Impact: Proper measurement documentation justifies 11442 ($187.93) versus 11441 ($139.89), a difference of $48.04 per procedure
Pathology confirmation of benign nature is not required before billing but should be obtained post-excision. If pathology reveals malignancy, file corrected claim with appropriate malignant excision code (11642-11646).
Impact: Malignant codes reimburse $250-400+ versus $187.93 for benign; proactive correction within claim filing deadline maximizes appropriate revenue
Bill facility (ASC/HOPD) cases with understanding that Medicare pays only $144.59 versus $187.93 in office; verify facility fee capture separately.
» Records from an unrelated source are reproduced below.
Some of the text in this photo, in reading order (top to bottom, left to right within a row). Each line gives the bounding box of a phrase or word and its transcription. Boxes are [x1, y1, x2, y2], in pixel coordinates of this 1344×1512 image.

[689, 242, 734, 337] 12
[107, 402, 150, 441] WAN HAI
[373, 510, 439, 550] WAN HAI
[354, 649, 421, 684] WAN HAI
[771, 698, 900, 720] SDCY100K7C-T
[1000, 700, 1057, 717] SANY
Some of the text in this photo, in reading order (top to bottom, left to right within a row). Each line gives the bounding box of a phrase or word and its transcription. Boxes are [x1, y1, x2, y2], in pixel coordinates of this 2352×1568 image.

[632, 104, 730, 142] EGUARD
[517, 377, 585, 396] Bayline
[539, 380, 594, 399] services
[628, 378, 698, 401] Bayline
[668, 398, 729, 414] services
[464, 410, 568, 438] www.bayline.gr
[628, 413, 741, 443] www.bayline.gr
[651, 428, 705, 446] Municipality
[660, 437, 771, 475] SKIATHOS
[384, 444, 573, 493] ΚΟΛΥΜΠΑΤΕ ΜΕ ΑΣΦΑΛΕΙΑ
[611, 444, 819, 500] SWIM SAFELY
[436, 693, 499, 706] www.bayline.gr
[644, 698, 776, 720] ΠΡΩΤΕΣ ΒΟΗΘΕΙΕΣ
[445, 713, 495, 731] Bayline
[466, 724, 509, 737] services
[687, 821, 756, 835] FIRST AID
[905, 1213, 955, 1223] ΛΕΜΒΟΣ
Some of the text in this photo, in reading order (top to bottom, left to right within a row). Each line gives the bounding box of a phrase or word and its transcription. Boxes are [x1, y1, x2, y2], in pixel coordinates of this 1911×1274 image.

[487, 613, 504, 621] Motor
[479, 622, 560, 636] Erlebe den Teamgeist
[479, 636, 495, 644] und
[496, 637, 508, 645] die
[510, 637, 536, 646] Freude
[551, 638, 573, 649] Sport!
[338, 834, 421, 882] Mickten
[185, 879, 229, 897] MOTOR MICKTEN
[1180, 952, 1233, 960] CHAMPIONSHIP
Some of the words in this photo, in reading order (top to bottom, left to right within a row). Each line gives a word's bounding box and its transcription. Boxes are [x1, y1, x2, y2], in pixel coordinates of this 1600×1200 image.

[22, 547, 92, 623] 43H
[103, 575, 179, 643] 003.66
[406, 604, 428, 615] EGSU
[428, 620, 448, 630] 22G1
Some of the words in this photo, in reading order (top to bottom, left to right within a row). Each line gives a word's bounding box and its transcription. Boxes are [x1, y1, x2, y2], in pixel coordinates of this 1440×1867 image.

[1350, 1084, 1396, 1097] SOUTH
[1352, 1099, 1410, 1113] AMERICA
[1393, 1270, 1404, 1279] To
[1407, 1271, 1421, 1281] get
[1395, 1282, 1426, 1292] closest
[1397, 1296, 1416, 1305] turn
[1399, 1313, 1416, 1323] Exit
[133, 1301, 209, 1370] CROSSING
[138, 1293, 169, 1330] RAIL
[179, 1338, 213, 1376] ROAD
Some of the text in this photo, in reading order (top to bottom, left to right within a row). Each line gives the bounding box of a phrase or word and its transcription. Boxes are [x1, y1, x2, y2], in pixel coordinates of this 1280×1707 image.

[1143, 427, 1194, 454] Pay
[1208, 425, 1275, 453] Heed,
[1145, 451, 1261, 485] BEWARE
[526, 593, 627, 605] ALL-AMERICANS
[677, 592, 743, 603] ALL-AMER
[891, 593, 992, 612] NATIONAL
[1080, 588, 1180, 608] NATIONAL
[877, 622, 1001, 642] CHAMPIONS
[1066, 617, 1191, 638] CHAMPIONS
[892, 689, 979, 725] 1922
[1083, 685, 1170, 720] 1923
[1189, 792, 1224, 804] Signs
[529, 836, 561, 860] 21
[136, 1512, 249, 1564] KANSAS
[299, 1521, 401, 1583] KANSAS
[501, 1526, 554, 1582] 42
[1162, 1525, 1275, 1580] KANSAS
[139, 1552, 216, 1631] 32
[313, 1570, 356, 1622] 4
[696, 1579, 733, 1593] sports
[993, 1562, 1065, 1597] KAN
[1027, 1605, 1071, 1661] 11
Impact: $43.34 difference in physician payment between settings; total facility reimbursement may exceed $1,500 when combining professional and technical components
When excising multiple lesions in same session, list largest/most complex as primary procedure without modifier 51, then append modifier 51 to subsequent codes to ensure proper payment hierarchy.
Impact: Prevents incorrect payment reduction on highest-valued procedure; can preserve $50-100 in reimbursement per session
Verify whether closure is simple (included) or intermediate/complex (separately billable with 12051-12057). Layered closure of facial excisions often qualifies as intermediate repair.
Impact: Intermediate repair codes add $150-350 to total reimbursement; commonly missed revenue opportunity on facial excisions
For cosmetic excisions, obtain advance beneficiary notice (ABN) or patient waiver before service. Medicare excludes purely cosmetic procedures from coverage.